The Washington Print Club was established in 1964 as an independent, nonprofit volunteer organization consisting of both collectors and practicing artists. This biennial exhibition celebrates the club’s 50th anniversary.

Lives Devoted to Art 
The Franz and Virginia Bader Fund: Second Act features paintings, sculptures and works on paper by Richard Cleaver, Emilie Brzezinski, Fred Folsom and other artists who received grants totaling $670,000 over the last 13 years from the Bader Fund. Legendary Washington art dealer Franz Bader and his wife, Virginia, started the fund, which continues to support the arts long after the couple’s deaths in 1994 and 2001, respectively. The fund committee awards grants for artists 40 and older who live within 150 miles of the U.S. Capitol.
The first exhibition of Bader Fund artists took place a decade ago. “Second Act” provides another viewing of the range and quality of work supported by the grants.
Franz Bader was born in Vienna, Austria, in 1903. Bader and his first wife, Antonia, were fortunate to escape Vienna after the takeover of Austria by Nazi Germany in 1938, arriving in Washington in early 1939 with few possessions and little money. But, as is true of so many émigrés from Hitler’s Europe, their arrival was America’s good fortune—Washington's, in particular. Working at first with the Whyte Bookstore and Gallery and then, from 1953 to 1985, at his own art and book shop, Bader was a pioneer and creator of a vibrant art scene in his adopted city.

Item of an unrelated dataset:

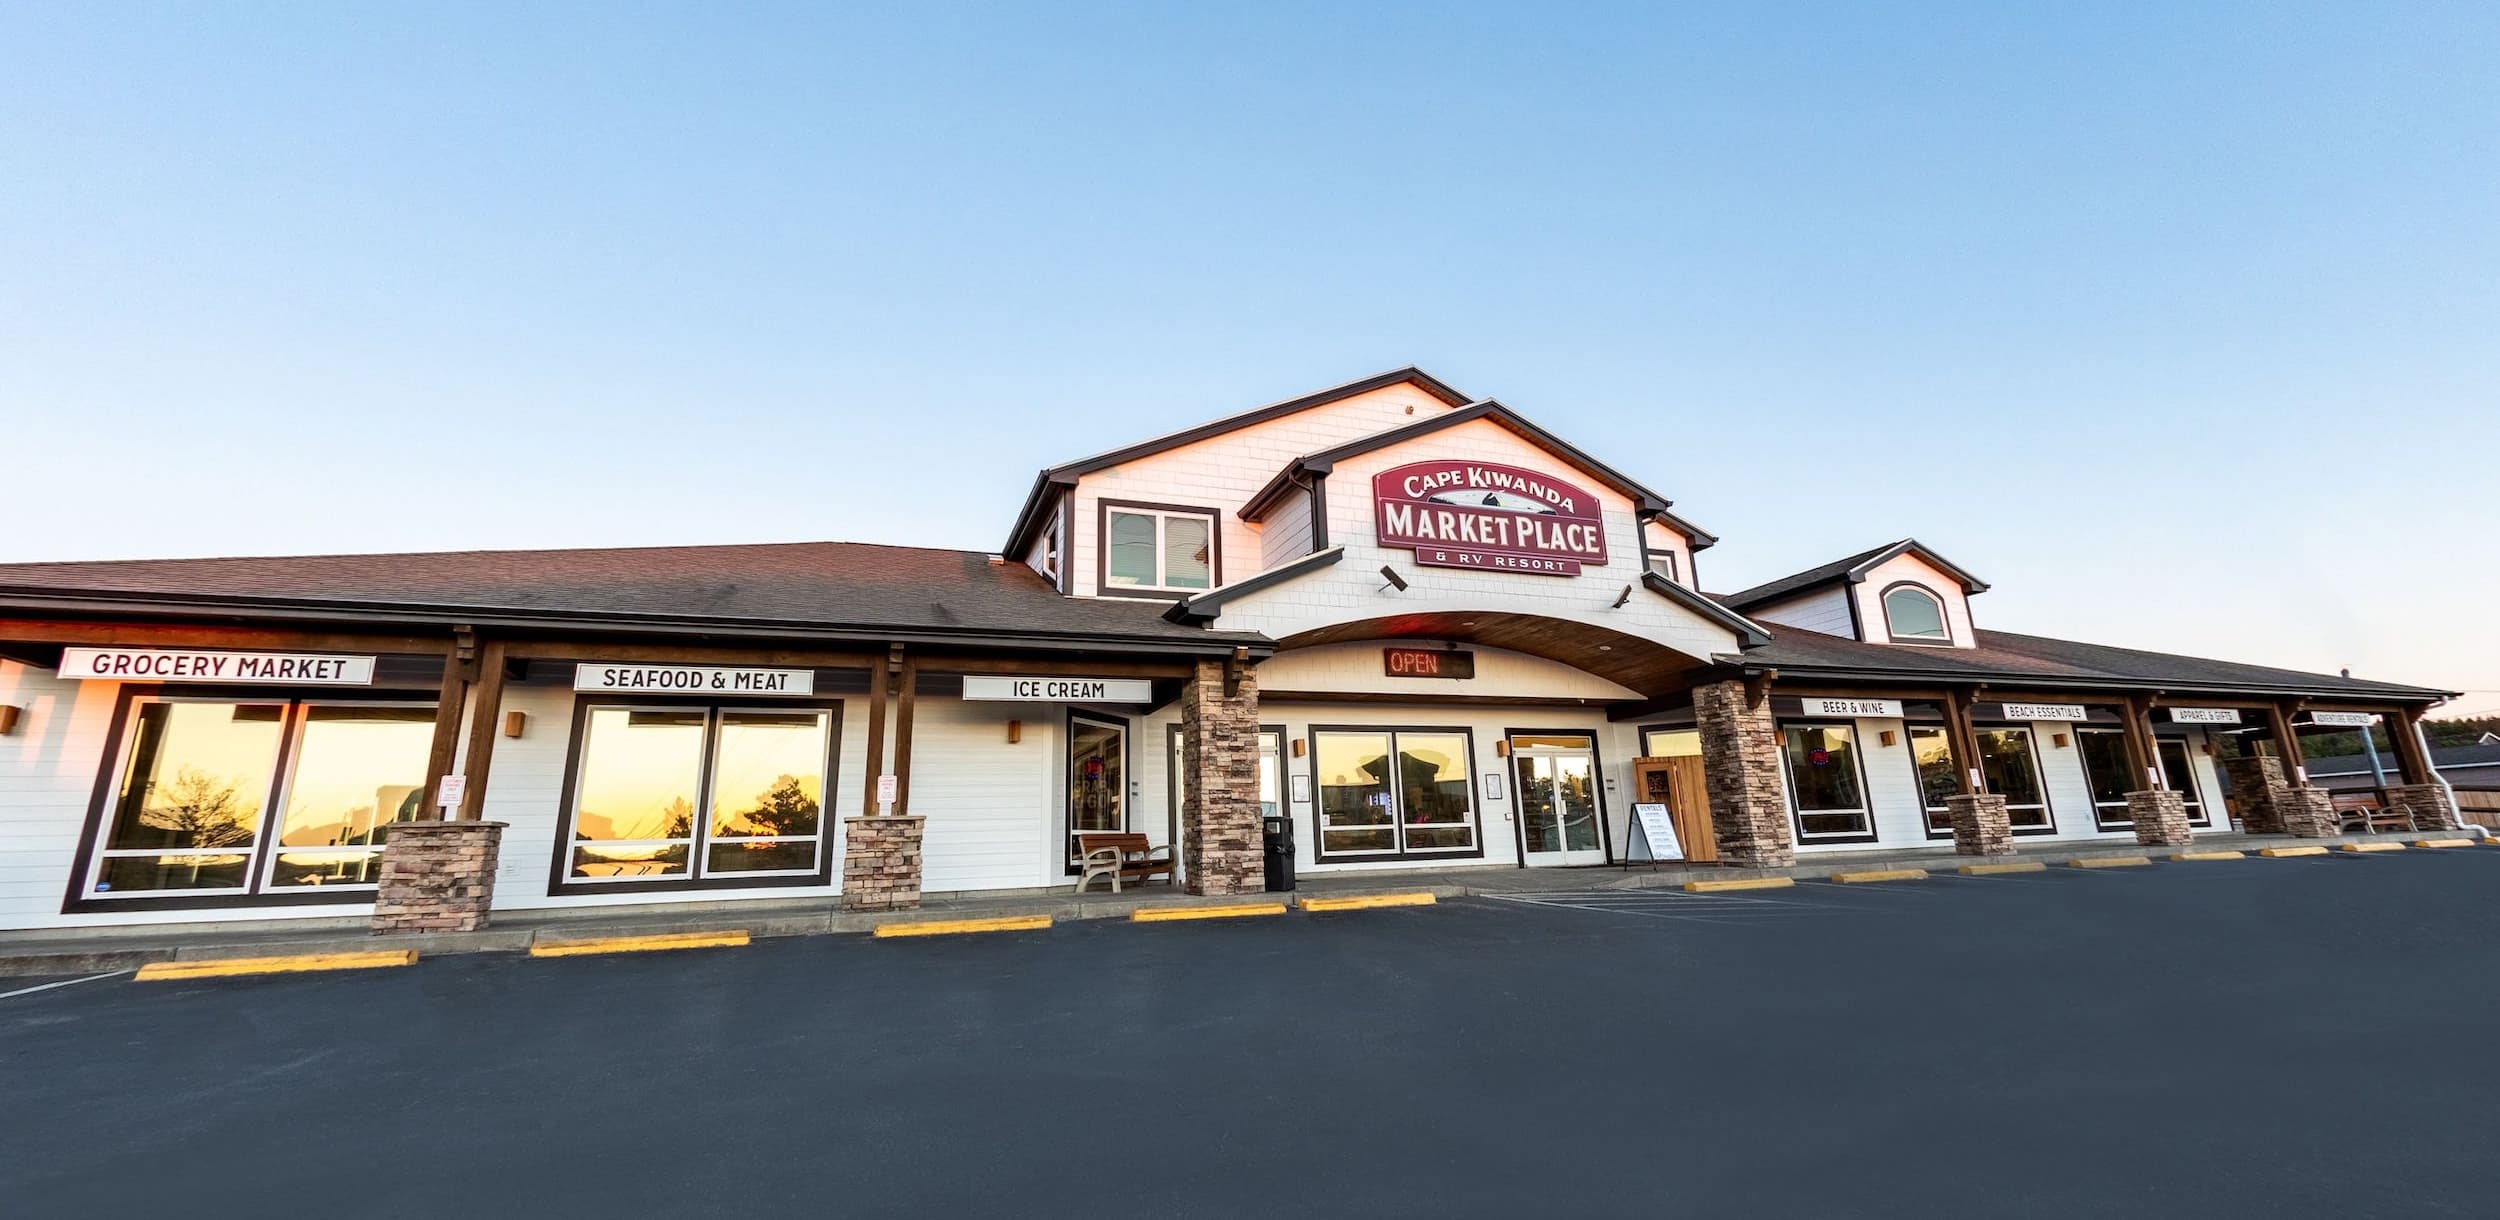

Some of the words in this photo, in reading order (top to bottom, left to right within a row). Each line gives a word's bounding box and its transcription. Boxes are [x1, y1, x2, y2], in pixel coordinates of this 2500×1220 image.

Personal Drifts of Culture
Continental Drift surveys the work of Washington artist Judy Byron, and invites the viewer to consider the visual and auditory environment that informs identity. The exhibition acknowledges the artist’s drifting of visual influences between three specific countries: Brazil, China, and Ghana. From 2010 through 2012, Byron traveled abroad and photographed details of sidewalks, toys, products, netting, foliage, clothing and detritus. Images from her travels formed the point of departure for 18 color pencil drawings.
Accompanying the drawings are the voices of three women from Brazil, China, and Ghana who now live in the Metro D.C. area and have established roots while maintaining strong identification with their places of birth. Three smaller drawings — Memories of Home — are based on photos Byron took of objects in their homes that remind the women of the homes they left behind. The sound of ocean waves lapping the shore can be heard throughout the exhibition space.
Rasmussen observed:  “I don’t think any artist has communicated so beautifully the interaction of community and environment in the construction of culture.”

Nature’s Fleeting Beauty
Syzygy, William Newman’s series of 19 oil paintings and digital images, and two metal sculptures, is a vibrant investigation of temporality, subjective freedom, and natural splendor. The photographs, photorealist paintings and stainless steel sculptures present striking natural forms and places holding personal resonance for Newman, including Yellowstone National Park, the Grand Canyon and the cosmos.
For his sculptures, Newman had natural artifacts from his farmhouse in Shenandoah County duplicated in welded, polished stainless steel by craftsmen in Beijing. The resulting forms gracefully blend elements of abstraction with Newman’s mastery of representational expression. 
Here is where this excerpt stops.